### Task directions
Your task is to repeat all of the data exactly while excluding the pictures.

### Provided information
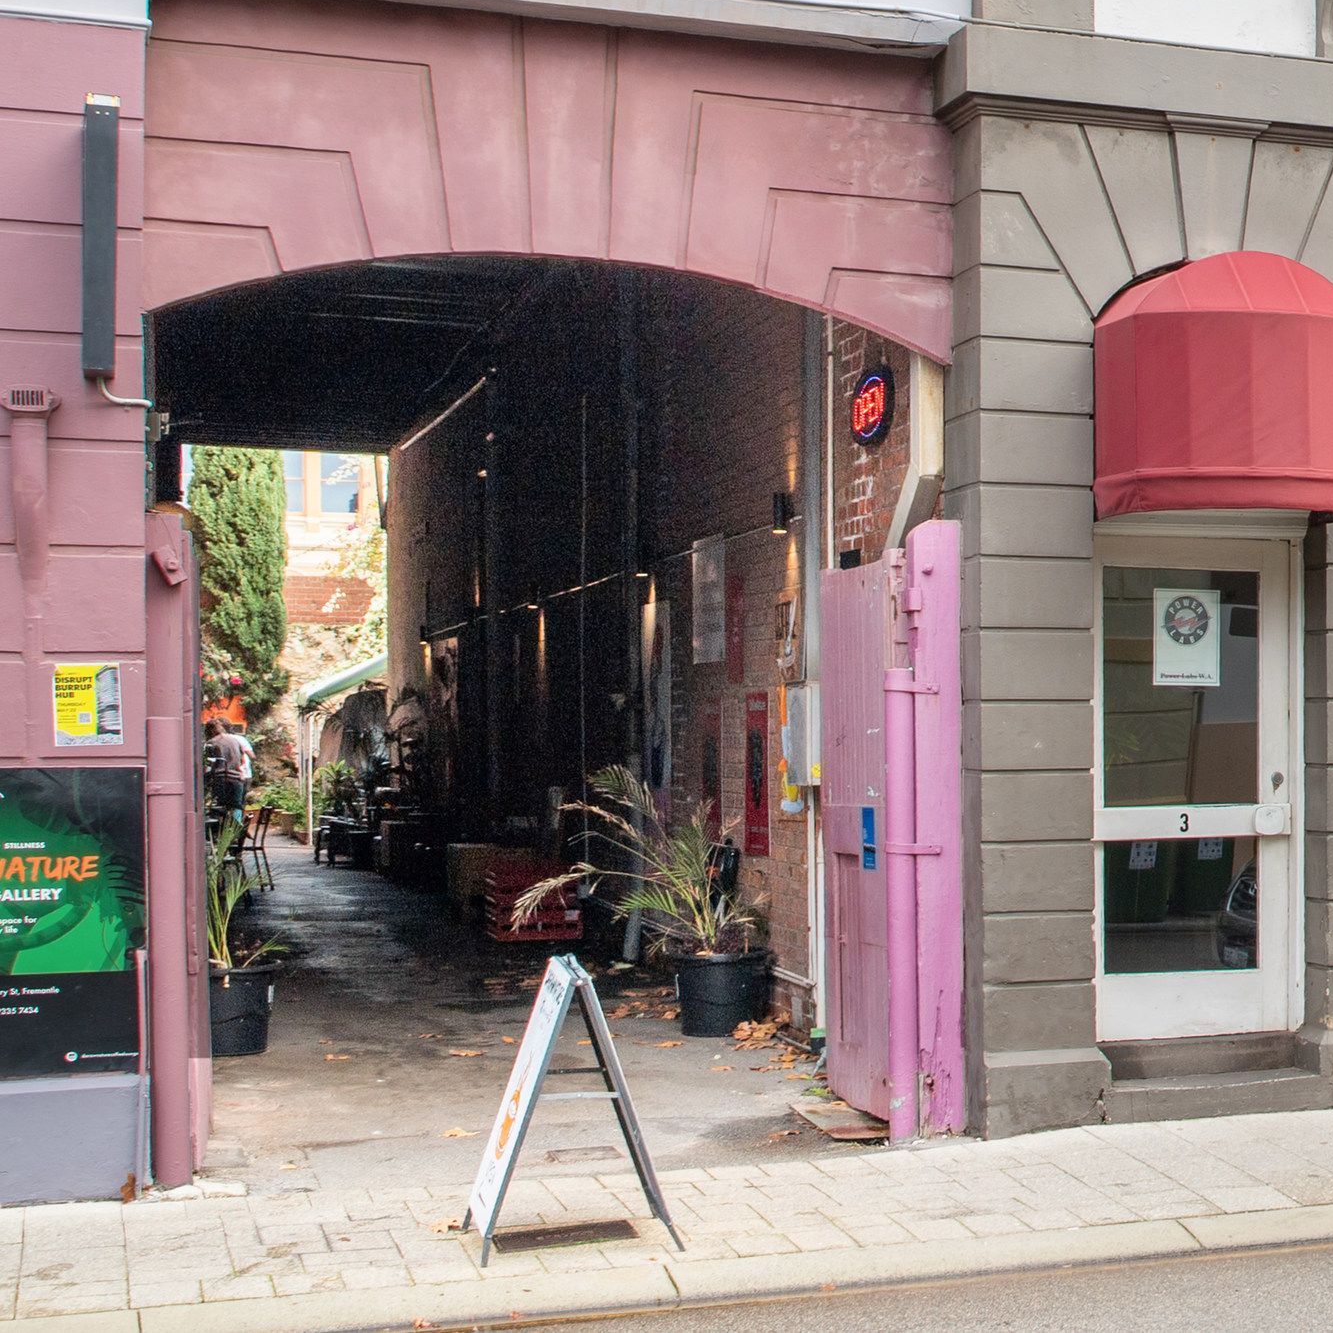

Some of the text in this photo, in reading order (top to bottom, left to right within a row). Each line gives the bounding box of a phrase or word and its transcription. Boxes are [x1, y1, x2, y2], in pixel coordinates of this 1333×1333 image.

[853, 381, 884, 431] OPEN
[1168, 598, 1204, 615] POWER
[1170, 629, 1204, 644] LABS
[55, 676, 93, 684] DISRUPT
[1179, 813, 1189, 832] 3
[4, 841, 45, 849] STILLNESS
[0, 887, 63, 901] ALLERY
[24, 916, 37, 924] for
[5, 926, 18, 934] life
[22, 986, 60, 995] Fremantle
[18, 1006, 39, 1015] 7434
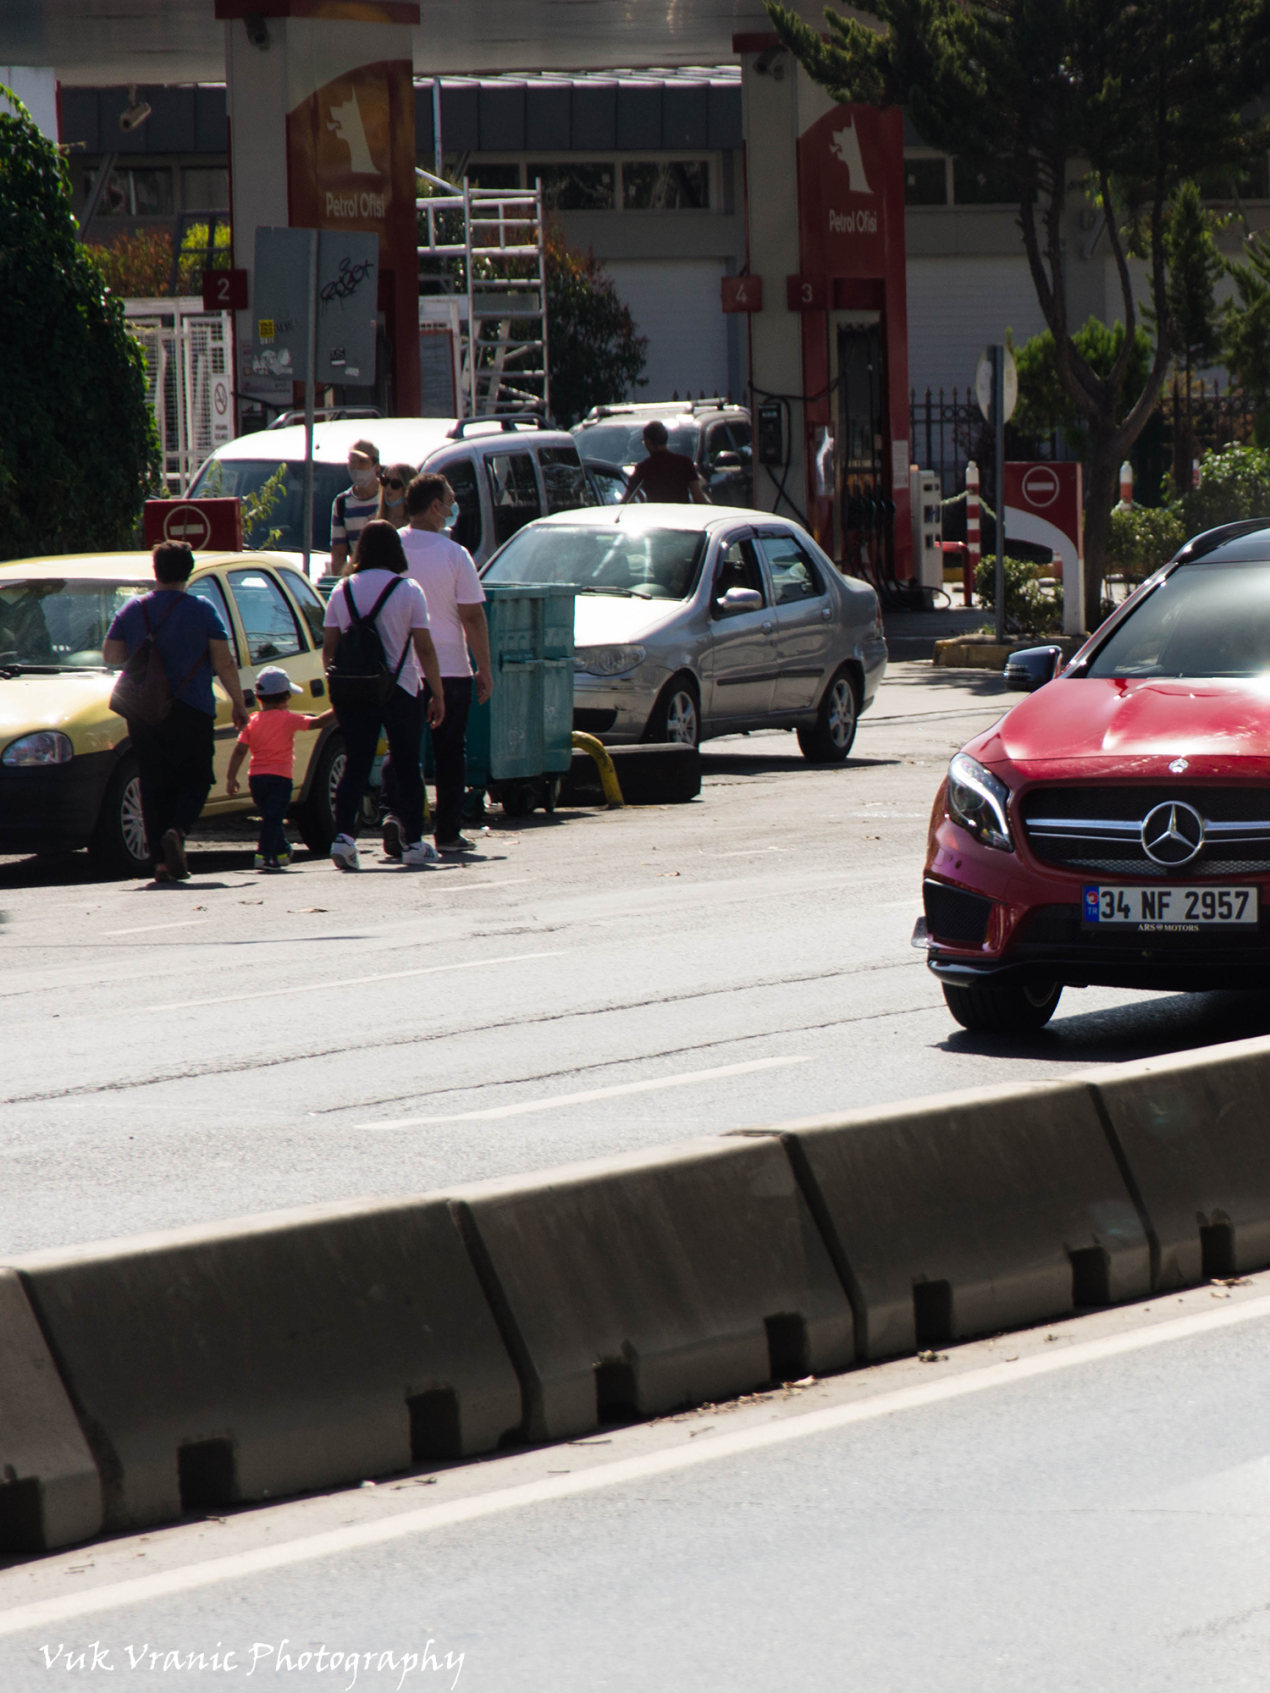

### Solution for this problem
Some of the text in this photo, in reading order (top to bottom, left to right within a row). Each line gives the bounding box of a phrase or word and its transcription. Boxes are [x1, y1, x2, y2], in pixel coordinates of this 1333×1333 image.

[853, 381, 884, 431] OPEN
[1168, 598, 1204, 615] POWER
[1170, 629, 1204, 644] LABS
[55, 676, 93, 684] DISRUPT
[1179, 813, 1189, 832] 3
[4, 841, 45, 849] STILLNESS
[0, 887, 63, 901] ALLERY
[24, 916, 37, 924] for
[5, 926, 18, 934] life
[22, 986, 60, 995] Fremantle
[18, 1006, 39, 1015] 7434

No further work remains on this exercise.